Au total, les services publics seraient voués à la concurrence. L’Ecole (en premier l’enseignement supérieur) et la Santé publique seraient promises au même sort qu’Air France, France Télécom, EDF, GDF, la SNCF, la Poste ou l’eau potable.

4 - Le TME rendrait-il l’Europe plus démocratique ?

Non. Les institutions de l’Union européenne resteraient des institutions en trompe-l’œil. L’essentiel des pouvoirs resterait détenu par des organismes non élus, hors de la portée de tout contrôle citoyen : le Conseil des Chefs d’Etats et de gouvernement, le Conseil des ministres, la Commission, la Banque Centrale Européenne et la Cour de Justice.

Malgré les rodomontades de Sarkozy, en l’absence de tout gouvernement économique européen, les dirigeants non élus de la Banque Centrale Européenne ne seraient toujours pas soumis au moindre contrôle démocratique. Ils pourraient, impunément, continuer à imposer un euro cher qu’ils baptisent euro « fort ». Un euro pour un dollar en 2003, un euro pour 1,5 dollar en 2007 : pour exporter dans ces conditions il ne reste plus qu’à accroître la rentabilité des entreprises sur le dos des salariés. C’est bien là le but recherché. Avec le TME, cette catastrophe sociale ne pourrait que s’aggraver.

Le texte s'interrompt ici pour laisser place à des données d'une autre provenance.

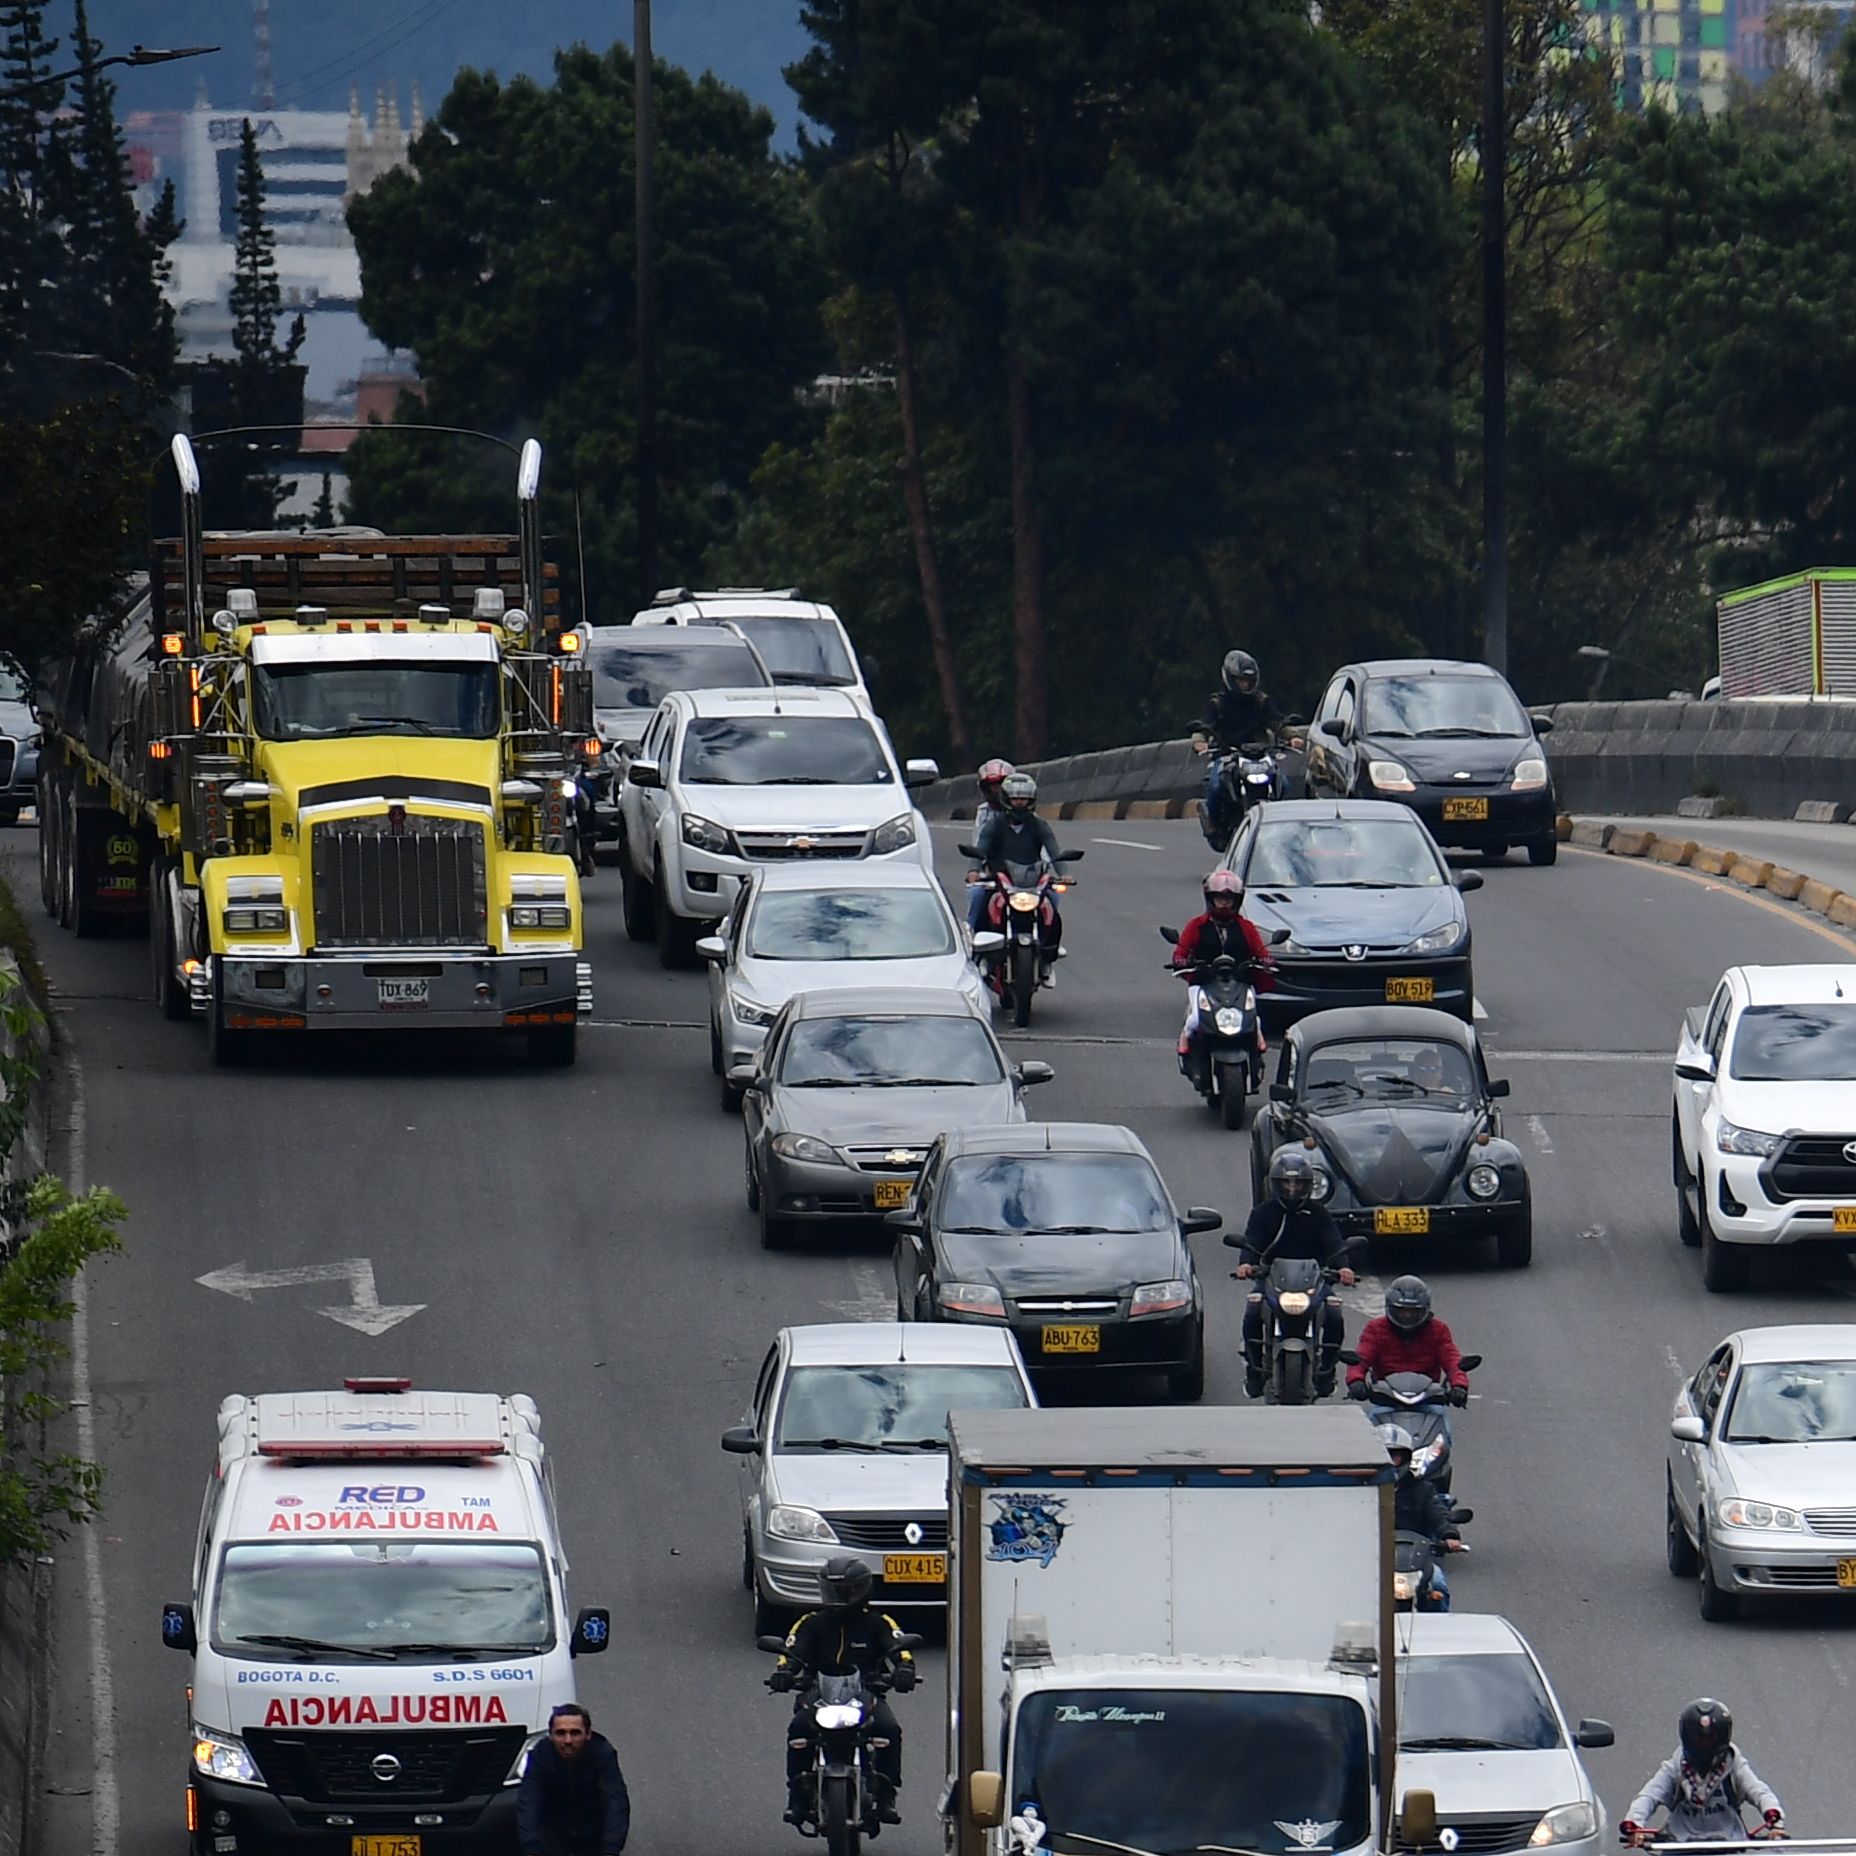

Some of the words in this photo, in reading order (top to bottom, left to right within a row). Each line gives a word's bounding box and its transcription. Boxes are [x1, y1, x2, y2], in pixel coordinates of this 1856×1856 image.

[338, 1486, 427, 1503] RED
[237, 1671, 303, 1683] BOGOTA
[490, 1668, 535, 1682] 6601

5 - Le mandat donné par le peuple français le 29 mai 2005 a-t-il été assumé ?

Non. Malgré la victoire du « non », il n’y a pas eu de « plan B », c’est-à-dire de proposition de modification du TCE. A qui la faute ?

A la Droite, en tout premier lieu, puisqu’elle est au pouvoir et qu’elle a choisi de s’asseoir délibérément sur le mandat de 54,67 % d’électeurs et d’aller « négocier » le même traité que celui qui avait été massivement rejeté.

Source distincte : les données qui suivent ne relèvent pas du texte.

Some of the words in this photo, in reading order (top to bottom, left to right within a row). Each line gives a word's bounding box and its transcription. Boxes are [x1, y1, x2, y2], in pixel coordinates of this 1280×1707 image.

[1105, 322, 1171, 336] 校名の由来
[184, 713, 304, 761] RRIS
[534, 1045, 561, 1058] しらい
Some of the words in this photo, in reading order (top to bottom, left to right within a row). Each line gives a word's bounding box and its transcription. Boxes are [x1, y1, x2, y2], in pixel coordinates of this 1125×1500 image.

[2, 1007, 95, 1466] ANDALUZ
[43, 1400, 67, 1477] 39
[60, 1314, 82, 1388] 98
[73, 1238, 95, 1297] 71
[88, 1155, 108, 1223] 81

Mais la faute incombe aussi à la principale force de gauche, le Parti Socialiste qui n’a jamais défendu la perspective d’un nouveau traité européen, social et démocratique, conforme au mandat donné par le peuple français.

Pourquoi le Parti Socialiste ne s’est-il pas emparé du mandat que la Droite refusait d’assumer ? Pourquoi ne s’est-il pas battu (publiquement, sur la scène nationale et européenne, au sein du PSE…) pour faire respecter ce mandat ? Loin d’être isolé, il aurait eu l’appui massif des peuples européens, presque tous favorables au « non » français et néerlandais. Rappelons-nous la peur qui, au printemps 2005, avait pris à la gorge les dirigeants européens et les avait conduits à arrêter précipitamment toutes les consultations en cours. Les Danois, les Tchèques, les Polonais, les Irlandais, les Portugais qui devaient donner leur avis par voie référendaire n’ont pas eu le droit de le faire. Anthony Blair qui s’était engagé à soumettre le TCE à un référendum avait brusquement oublié ses engagements. Les parlements suédois et finlandais avaient différé leurs votes de ratification : même le vote de ces parlements apparaissait alors trop risqué.

Une nouvelle victoire du « non » français produirait les mêmes effets qu’en 2005 : 76 % des Allemands, 75 % des Britanniques, 72 % des Italiens, 65 % des Espagnols souhaitent un référendum pour le nouveau traité (Sondage Louis Harris publié par le Financial Times). Encore faudrait-il que, cette fois encore, le Parti Socialiste ne se contente pas de regarder passer les trains mais qu’il respecte le mandat confié par le peuple français et mène bataille pour un « plan B », pour un nouveau traité, social et démocratique.